◆ Exercise instructions
Output the records exactly as they appear, with no pictures included.

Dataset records
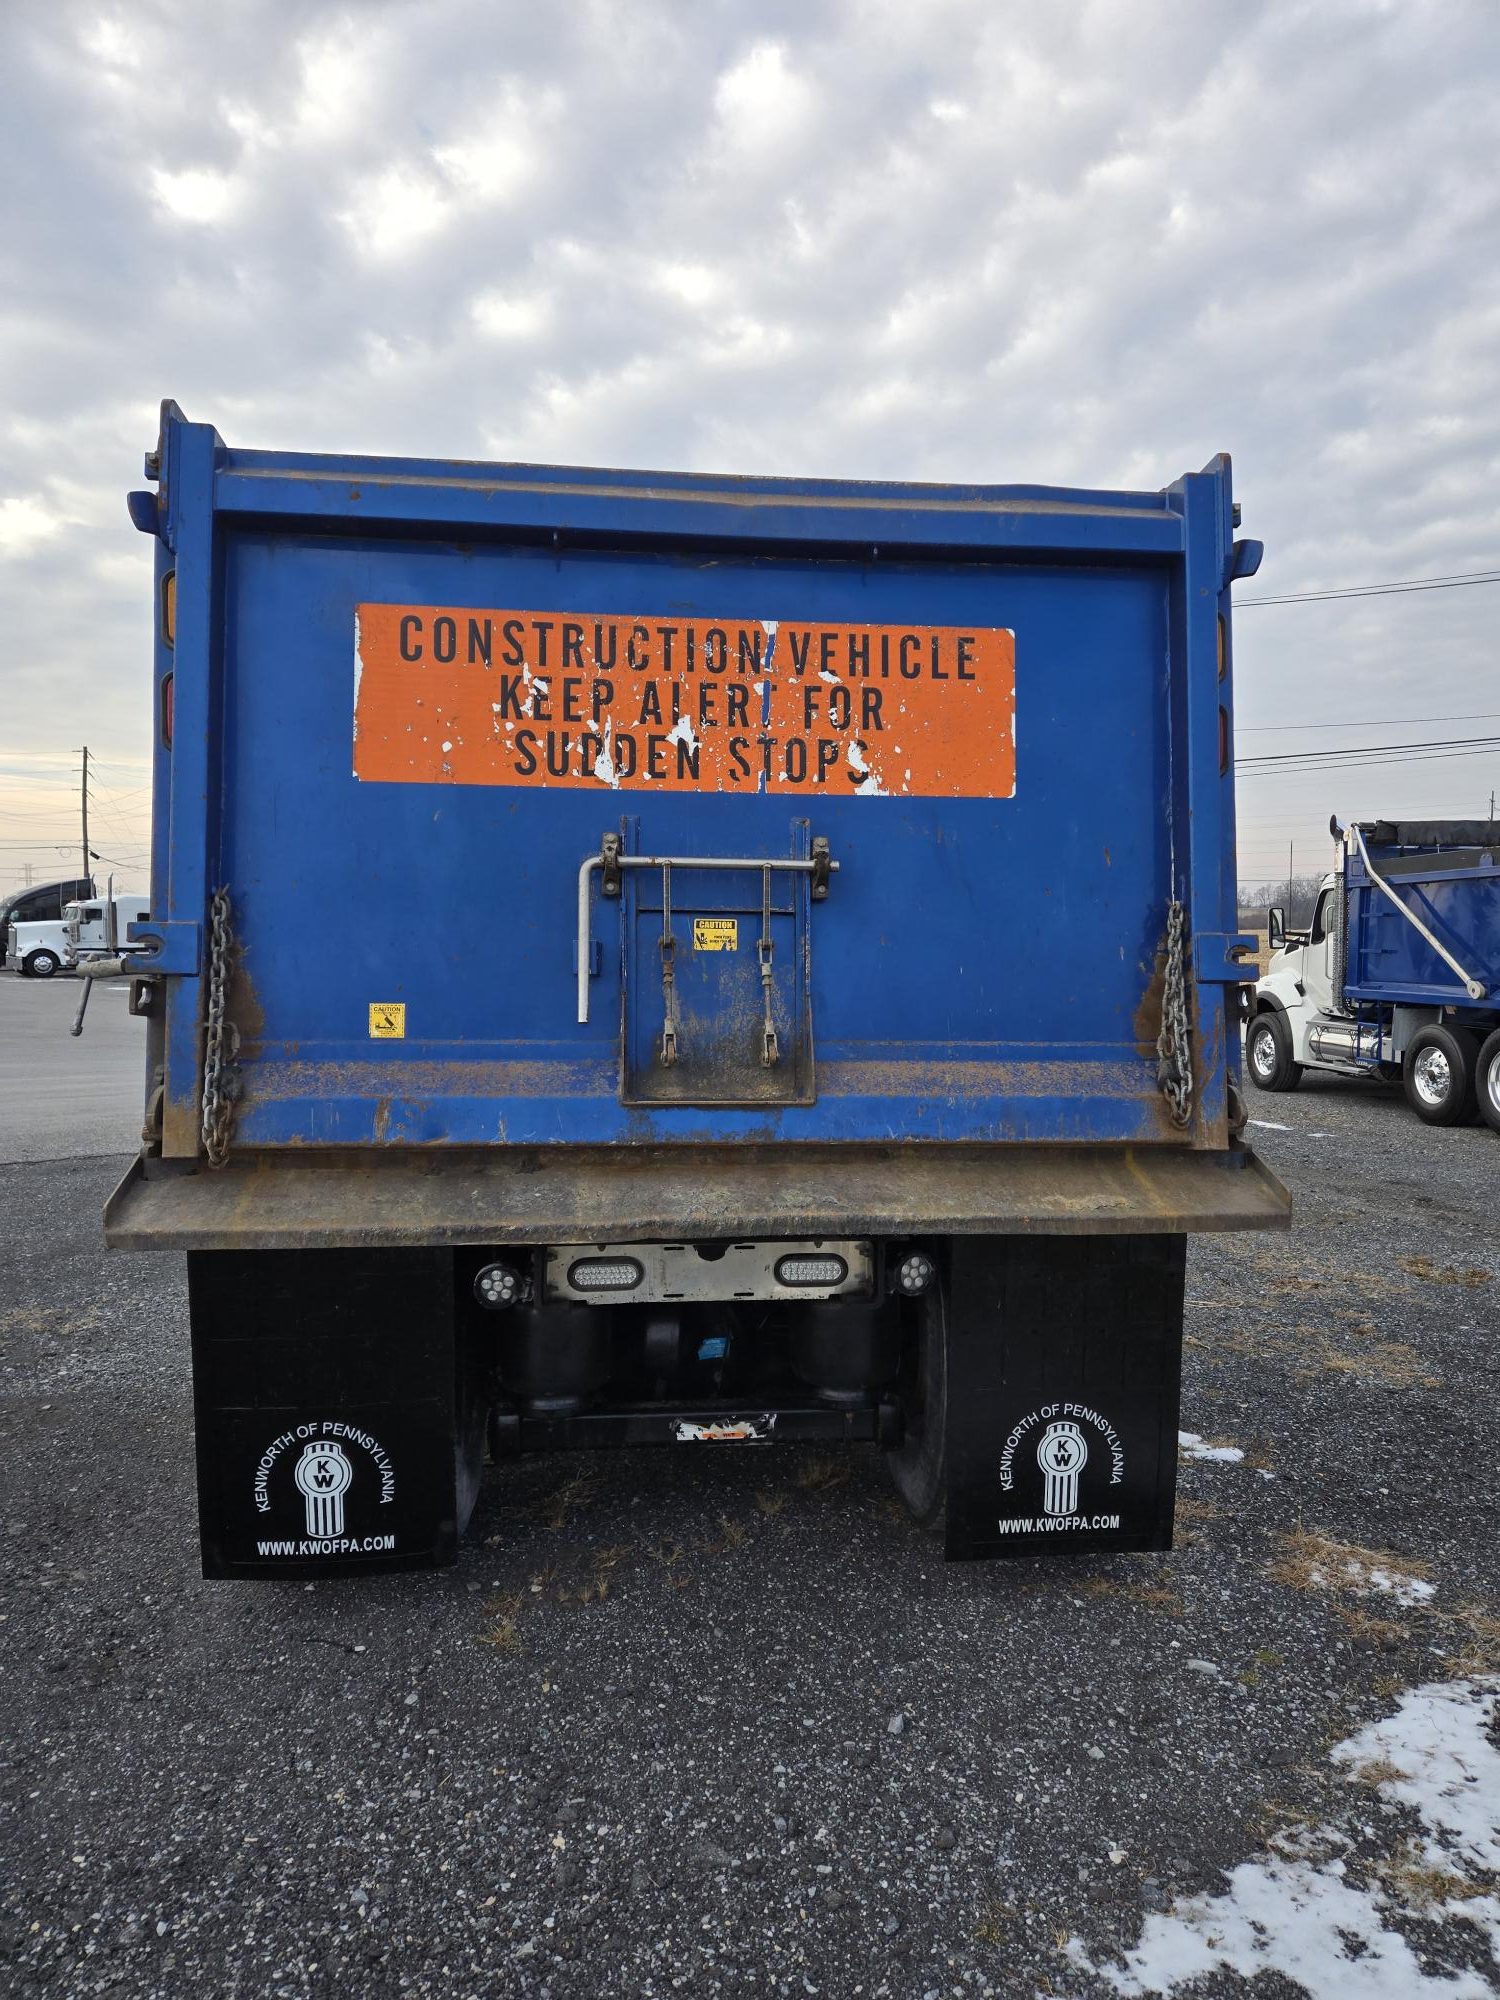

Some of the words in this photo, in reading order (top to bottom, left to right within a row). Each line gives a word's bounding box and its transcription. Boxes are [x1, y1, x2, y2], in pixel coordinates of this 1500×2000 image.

[400, 615, 760, 674] CONSTRUCTION
[789, 632, 976, 680] VEHICLE
[500, 674, 614, 722] KEEP
[640, 681, 777, 728] ALER
[804, 685, 883, 731] FOR
[514, 729, 700, 780] SUDDEN
[700, 920, 732, 928] CAUTION
[254, 1432, 296, 1513] KENWORTH
[296, 1422, 318, 1438] OF
[322, 1422, 395, 1504] PENNSYLVANIA
[999, 1412, 1039, 1491] KENWORTH
[1041, 1404, 1060, 1419] OF
[1064, 1403, 1124, 1484] PENNSYLVANIA
[257, 1535, 395, 1556] WWW.KWOFPA.COM
[999, 1515, 1120, 1534] WWW.KWOFPA.COM
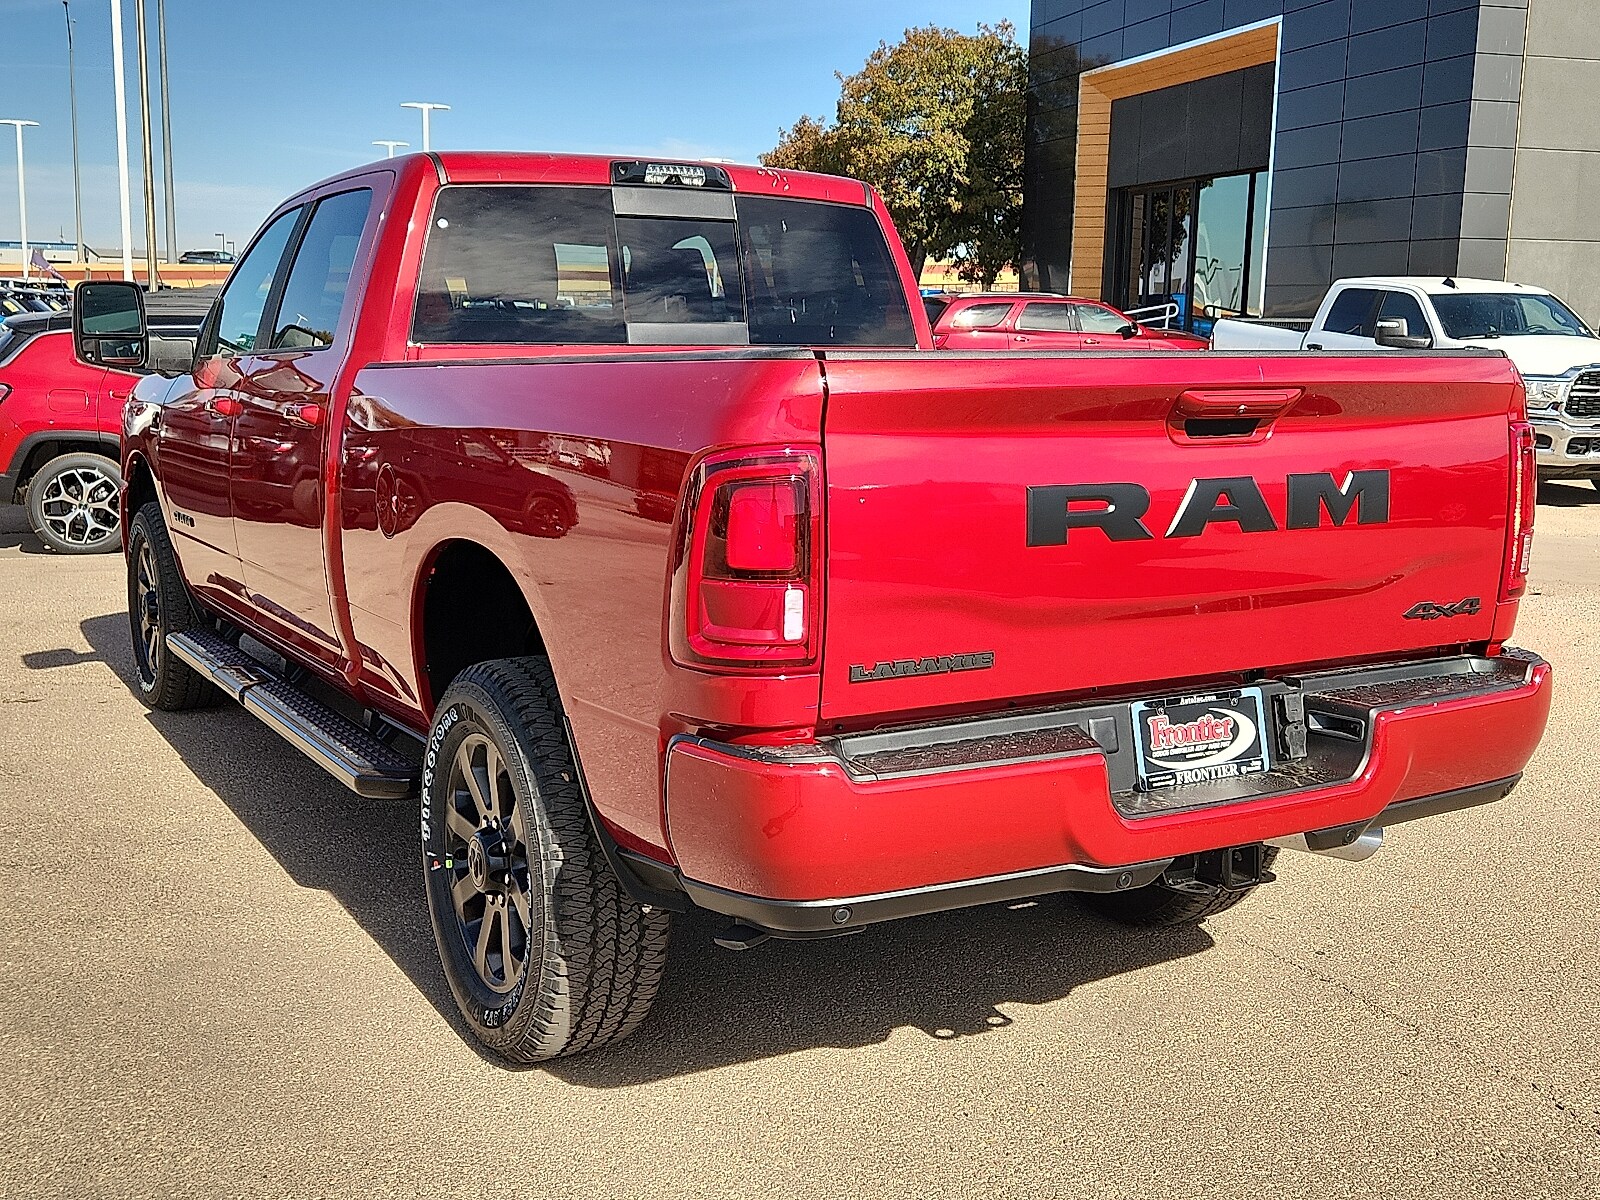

◆ Exercise answer
Some of the words in this photo, in reading order (top to bottom, left to right within a row). Each line gives a word's bounding box and its transcription. Boxes are [x1, y1, x2, y2], in pixel coordinates of this 1500×2000 image.

[400, 615, 760, 674] CONSTRUCTION
[789, 632, 976, 680] VEHICLE
[500, 674, 614, 722] KEEP
[640, 681, 777, 728] ALER
[804, 685, 883, 731] FOR
[514, 729, 700, 780] SUDDEN
[700, 920, 732, 928] CAUTION
[254, 1432, 296, 1513] KENWORTH
[296, 1422, 318, 1438] OF
[322, 1422, 395, 1504] PENNSYLVANIA
[999, 1412, 1039, 1491] KENWORTH
[1041, 1404, 1060, 1419] OF
[1064, 1403, 1124, 1484] PENNSYLVANIA
[257, 1535, 395, 1556] WWW.KWOFPA.COM
[999, 1515, 1120, 1534] WWW.KWOFPA.COM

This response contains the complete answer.